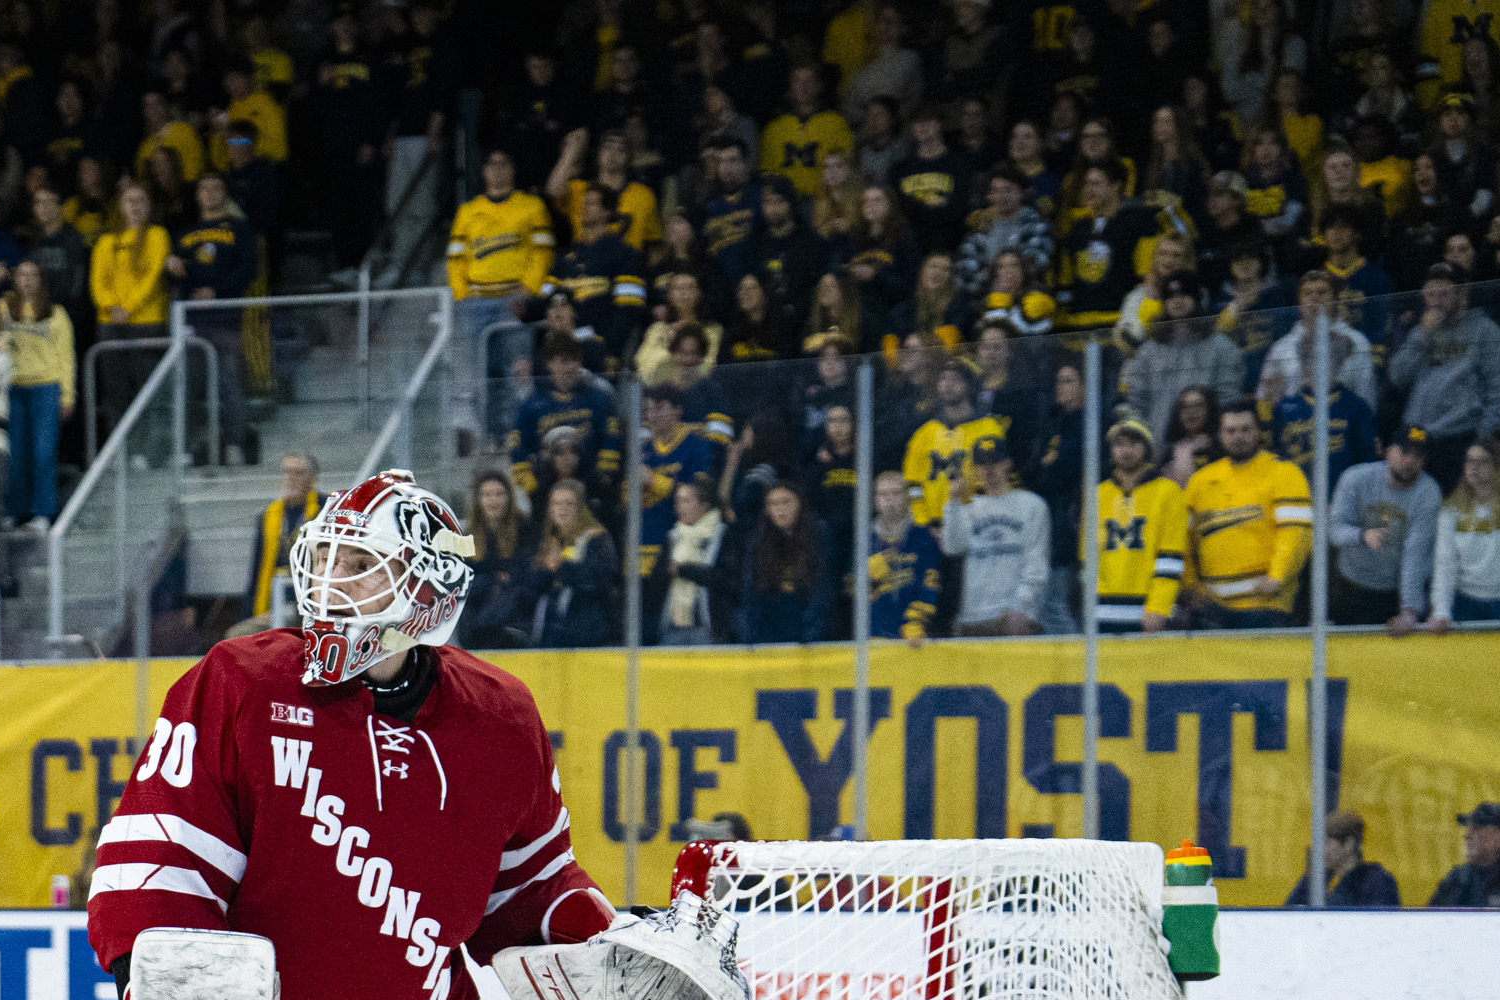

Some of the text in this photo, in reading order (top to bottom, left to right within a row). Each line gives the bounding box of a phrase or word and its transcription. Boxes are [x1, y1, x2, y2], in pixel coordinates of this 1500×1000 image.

[785, 141, 818, 167] M
[929, 449, 967, 480] M
[1104, 516, 1147, 551] M
[137, 717, 197, 788] 30
[602, 728, 737, 845] OF
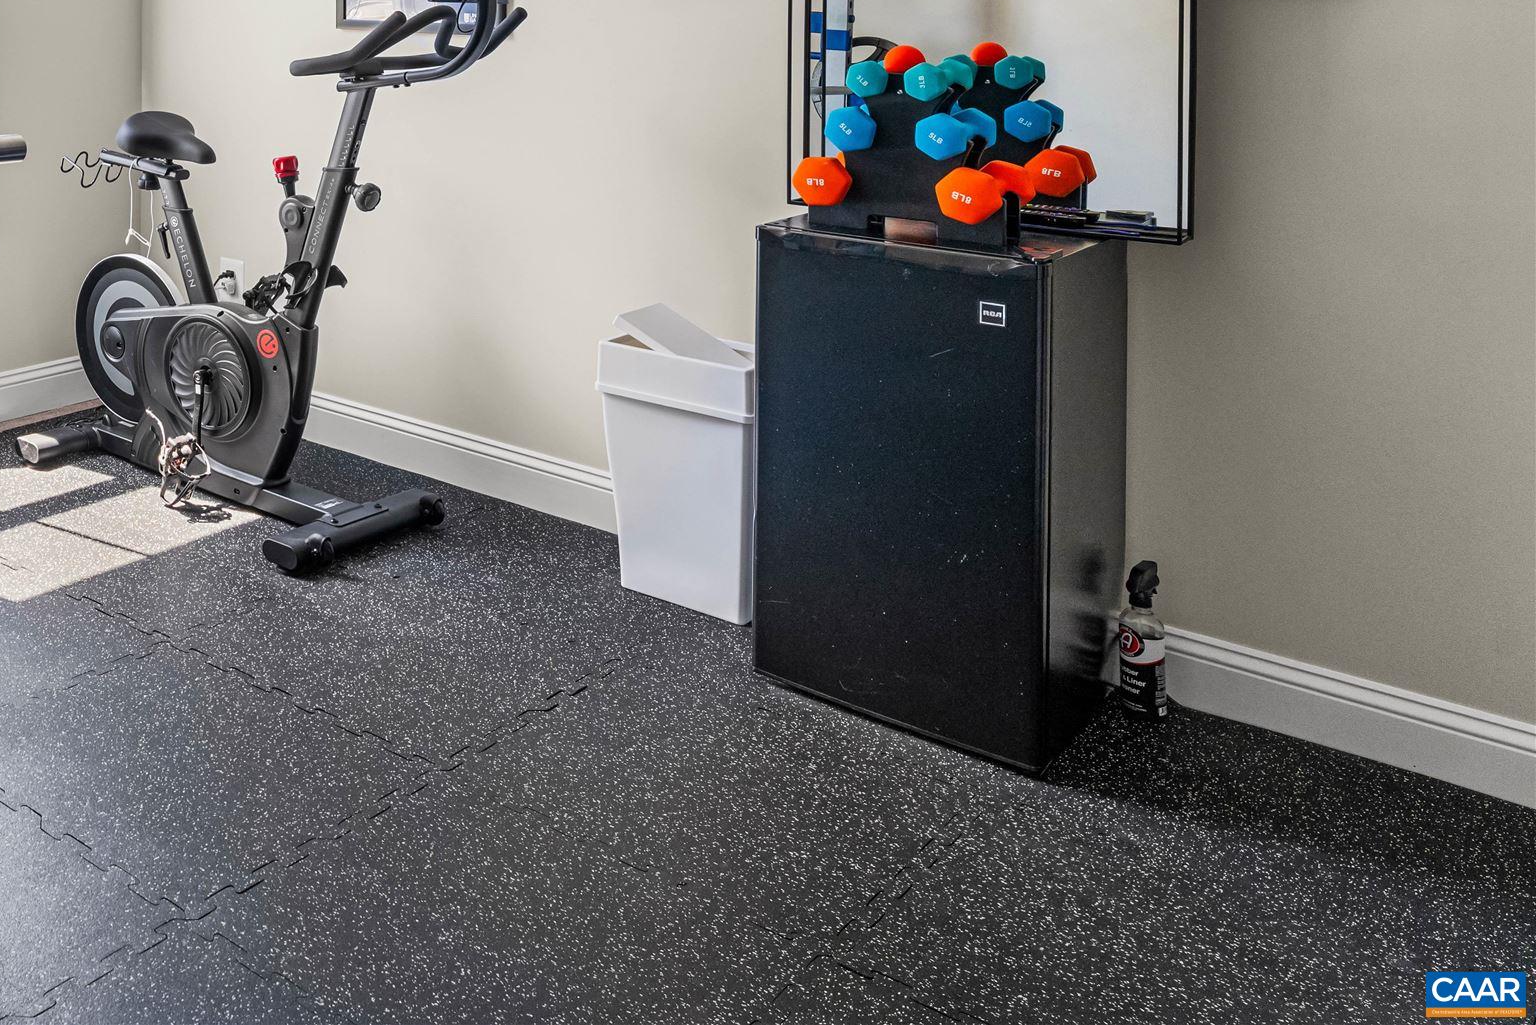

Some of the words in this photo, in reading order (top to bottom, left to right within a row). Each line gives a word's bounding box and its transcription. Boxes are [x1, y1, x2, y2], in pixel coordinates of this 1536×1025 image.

[855, 75, 869, 87] 3LB
[918, 75, 926, 89] 3LB
[839, 122, 853, 136] 5LB
[928, 132, 944, 145] 5LB
[806, 178, 825, 186] 8LB
[951, 191, 972, 205] 8LB
[308, 201, 329, 255] CONNECT
[173, 229, 197, 289] ECHELON
[983, 309, 1002, 318] RCA
[1126, 675, 1147, 687] Liner

———

Exercise directions. Lines from the one containing "Some of the words" through the final line of the entries are the only ones to print, and each must match exactly.

Problem solution.
Some of the words in this photo, in reading order (top to bottom, left to right within a row). Each line gives a word's bounding box and its transcription. Boxes are [x1, y1, x2, y2], in pixel coordinates of this 1536×1025 image.

[855, 75, 869, 87] 3LB
[918, 75, 926, 89] 3LB
[839, 122, 853, 136] 5LB
[928, 132, 944, 145] 5LB
[806, 178, 825, 186] 8LB
[951, 191, 972, 205] 8LB
[308, 201, 329, 255] CONNECT
[173, 229, 197, 289] ECHELON
[983, 309, 1002, 318] RCA
[1126, 675, 1147, 687] Liner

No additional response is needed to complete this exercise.